Yesterday I was trying to drive home in rush hour traffic, along a route I wasn’t familiar with, and I ended up taking one wrong turn after another.

For those that know Boston, I was trying to get on Storrow Drive West, but somehow ended up going up Route 1 North, over the Tobin Bridge.

I took an exit and tried to turn around, only to find I kept making more wrong turns.  I thought I was going up a ramp to get back to Route 1, only to realize I was driving on something I wasn’t quite sure was a road.  (By the way, normally I’m a very good driver, it was just a weird area!).

And then, the next thing I know, I ended up in Chelsea, driving up this beautiful hill towards a residential area, and I look out and see this as my view:

Don’t worry, I pulled over to take these photos!

For some reason, it got me thinking of all the twists and turns in my journey.

All the times I’ve been mad at myself for trying too hard (like starving myself and running a billion miles a week cause I was afraid I was going to get fat).

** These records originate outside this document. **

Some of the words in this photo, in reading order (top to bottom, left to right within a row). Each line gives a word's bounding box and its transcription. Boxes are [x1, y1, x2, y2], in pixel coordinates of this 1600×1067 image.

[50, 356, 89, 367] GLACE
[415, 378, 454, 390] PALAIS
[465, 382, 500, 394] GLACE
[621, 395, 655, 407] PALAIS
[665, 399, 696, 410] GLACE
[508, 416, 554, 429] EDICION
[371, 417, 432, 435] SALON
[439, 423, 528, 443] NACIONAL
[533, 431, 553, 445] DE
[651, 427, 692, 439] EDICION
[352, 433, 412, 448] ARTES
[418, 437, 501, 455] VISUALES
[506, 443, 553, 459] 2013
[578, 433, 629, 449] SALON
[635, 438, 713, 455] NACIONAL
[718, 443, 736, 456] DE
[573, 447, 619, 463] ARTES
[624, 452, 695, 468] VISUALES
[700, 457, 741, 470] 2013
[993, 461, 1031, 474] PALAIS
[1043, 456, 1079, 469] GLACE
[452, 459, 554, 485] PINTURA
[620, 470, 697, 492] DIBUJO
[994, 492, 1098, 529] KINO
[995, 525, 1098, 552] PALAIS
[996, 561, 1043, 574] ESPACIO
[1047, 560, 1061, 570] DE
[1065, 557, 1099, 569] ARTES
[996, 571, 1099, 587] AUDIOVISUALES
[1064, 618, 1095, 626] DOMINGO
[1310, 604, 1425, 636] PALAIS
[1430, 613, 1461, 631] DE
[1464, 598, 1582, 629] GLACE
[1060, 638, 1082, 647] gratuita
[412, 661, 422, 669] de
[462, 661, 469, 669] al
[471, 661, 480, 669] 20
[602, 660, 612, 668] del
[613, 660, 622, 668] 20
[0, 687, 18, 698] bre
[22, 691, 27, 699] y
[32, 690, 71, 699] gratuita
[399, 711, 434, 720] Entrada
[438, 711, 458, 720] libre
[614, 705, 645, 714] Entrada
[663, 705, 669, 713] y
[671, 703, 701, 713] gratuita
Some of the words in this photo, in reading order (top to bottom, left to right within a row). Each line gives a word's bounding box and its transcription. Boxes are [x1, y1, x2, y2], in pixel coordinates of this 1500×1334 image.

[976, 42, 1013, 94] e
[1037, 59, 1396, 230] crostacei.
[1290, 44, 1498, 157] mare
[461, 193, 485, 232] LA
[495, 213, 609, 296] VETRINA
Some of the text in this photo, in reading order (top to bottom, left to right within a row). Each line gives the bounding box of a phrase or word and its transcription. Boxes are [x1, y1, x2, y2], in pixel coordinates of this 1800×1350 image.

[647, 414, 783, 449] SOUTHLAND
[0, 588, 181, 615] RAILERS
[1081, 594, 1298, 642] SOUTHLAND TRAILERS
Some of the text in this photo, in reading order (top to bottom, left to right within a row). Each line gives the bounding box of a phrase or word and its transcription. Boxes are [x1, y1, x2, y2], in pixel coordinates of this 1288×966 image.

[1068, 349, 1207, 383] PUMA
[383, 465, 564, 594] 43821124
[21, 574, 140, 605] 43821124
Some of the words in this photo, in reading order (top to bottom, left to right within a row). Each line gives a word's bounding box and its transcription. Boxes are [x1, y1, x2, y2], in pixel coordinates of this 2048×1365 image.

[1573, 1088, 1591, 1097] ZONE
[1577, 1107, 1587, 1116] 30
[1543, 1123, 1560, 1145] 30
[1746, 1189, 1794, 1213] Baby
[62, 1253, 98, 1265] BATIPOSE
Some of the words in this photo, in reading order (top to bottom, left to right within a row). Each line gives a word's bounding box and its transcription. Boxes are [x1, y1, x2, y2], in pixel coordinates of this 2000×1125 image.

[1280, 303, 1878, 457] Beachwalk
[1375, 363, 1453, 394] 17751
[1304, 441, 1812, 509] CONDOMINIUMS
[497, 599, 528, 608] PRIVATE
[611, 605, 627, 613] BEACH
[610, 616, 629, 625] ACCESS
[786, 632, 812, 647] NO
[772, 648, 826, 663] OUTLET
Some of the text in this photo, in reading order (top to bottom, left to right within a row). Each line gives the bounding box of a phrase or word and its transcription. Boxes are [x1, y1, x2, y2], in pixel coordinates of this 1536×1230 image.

And all the times when, looking back, I was afraid to try too hard and so gave up too soon.

***

Honestly, what I think now is that you just never know what lies ahead. And blaming yourself and giving up are, in a way, just our attempts to try to have control over a difficult situation.

The older I’ve gotten and the more I’ve learned, the more counter-productive I’ve seen that self-blame can be.

I‎t just isn’t useful; it doesn’t prove a point; it doesn’t get us any closer to the answers.

The truth is that there are answers I’ve found through hard work, and there are answers I only found because I happened to stumble upon them.

The one thing I wish I could really change, though, is all the times I held back because I was afraid of looking too hard. As if giving in and admitting I truly had a problem was the same as giving in to it, when actually that’s what it was going to take for me to overcome it.

Sometimes the right path will look like the wrong one, or the one that couldn’t possibly work (like me driving on a road I wasn’t quite sure was a road).

You just have to keep going and have enough faith in yourself to know that, ultimately, you’ll figure it out if something is or isn’t right for you.

***

Someone asked me the other day how I found my physical therapist Paula– the person who finally really helped me with the SI joint.

The answer is simple, but also complex.

Technically, I found her because I happened to do a Google search for “physical therapy sacroiliac joint” and the name of my hometown (where I was living at the time). The website for the practice she worked at popped up, with her online staff bio, where it listed the SI joint as one of clinical interests. Simple, right?

But there are so many more layers to this. Such as the fact that she’d been working there for over five years, and somehow never came up in any of my millions of Google searches. (I’m still not sure how this happened, if someone redesigned their website at just the right time, or what).

I’d looked and looked and thought I knew of everyone in our area, but somehow, I’d missed her.

***

I wasn’t going to look at all, actually.  I’d already seen FOUR other physical therapists, all of whom had either failed to help me, or made things worse.  I felt done.

It was my ex-boyfriend Tim who convinced me to look again.   He pointed out that maybe this was just what it took for me to find answers.  He got me to see that maybe four physical therapists wasn’t really that many.   Not if my entire life was on hold.

He told me about one of his friends, who, for years, suffered from constant sinus infections.  This friend saw multiple doctors who said there was nothing they could do, yet he refused to take no for an answer and kept seeking out other opinions.  Finally, he saw a specialist who told him that by luck of the draw, he’d been born with nasal passages that were too narrow.  This doctor was able to fix the problem with minor surgery.

So there are no hard and fast rules here. There’s no way to guarantee an easy answer.

The only guarantee is that if you waste time judging yourself, or being afraid to admit that you really have a problem, or assuming that no one will be able to help you… you’ll be more likely to push away your chances to find answers.

I finally found Paula through luck, probably because my search engine results changed.

But I also only found her because I had someone who cared about me to tell me I was judging myself and my situation too harshly; that I was jumping to conclusions about not being able to find help.

***

This started off as a post about finding answers, but in a way this post has turned into somewhat of a thank-you to Tim, as well.

So thank you, Tim. (We’re still friends and I’ll be sending him the link to this after I hit publish).

I hope you all are able to believe in yourselves and keep fighting.

And I hope you also, in one way or another, have a Tim.

2 Comments

  1. Thank you for the insights. Through your trials you have become wise beyond your years.

    1. Hi Susan, thank you so much! That means a lot to me.